Former logo as Canadian Auto Workers Local 111.

Unifor Local 111 is a local union of the general trade union Unifor. It represents conventional and community bus operators for Coast Mountain Bus Company in Metro Vancouver. It was founded as Canadian Auto Workers Local 111 from the remnants of the Independent Canadian Transit Union, which had acrimoniously broken from the U.S.-dominated Amalgamated Transit Union. ICTU was a maverick union, never part of the labour mainstream, and eventually the ICTU membership voted to reenter the labour establishment by joining the Canadian Auto Workers, which ironically broke from U.S.-dominated United Auto Workers about the same time ICTU came into being.

The union has pushed for changes in fare collection procedures on buses which would reduce confrontations between drivers and passengers.

It has had internal disagreements over the strategy of TransLink, the agency which funds transportation in Greater Vancouver.

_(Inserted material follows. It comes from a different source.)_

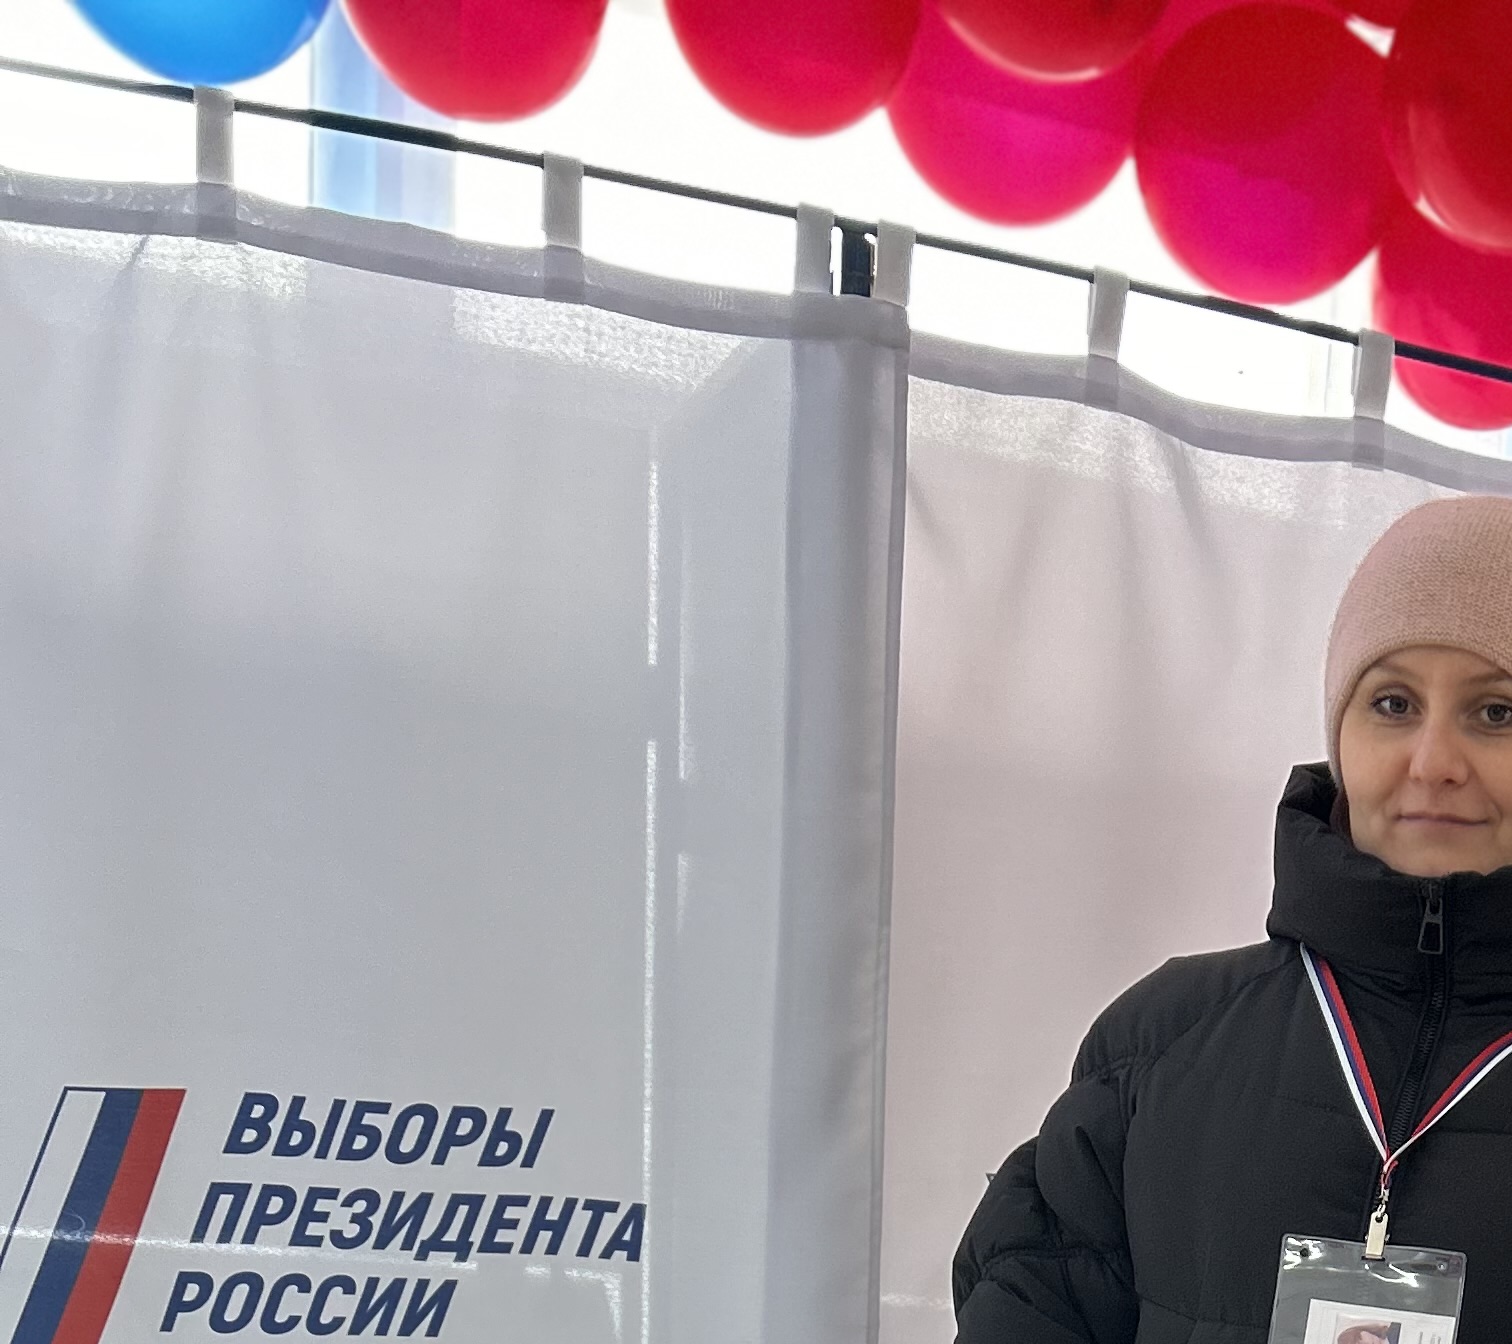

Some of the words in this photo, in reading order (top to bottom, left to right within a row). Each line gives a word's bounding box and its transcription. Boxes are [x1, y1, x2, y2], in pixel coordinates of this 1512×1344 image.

[223, 1092, 555, 1169] ВЫБОРЫ
[190, 1182, 648, 1262] ПРЕЗИДЕНТА
[159, 1271, 458, 1338] РОССИИ

There was a bitter strike in 2001.

The union convinced the B.C. Human Rights Tribunal to force the employer to discontinue an attendance management system which it claimed discriminated against employees with a disability.

==Political campaign==
On October 21, 2008 the local launched a public awareness campaign calling for "More Buses Now". It is a campaign designed to draw attention to the public demands for more service in the Metro Vancouver area and is driven by leaflets, advertising, and the website MoreBusesNow.com.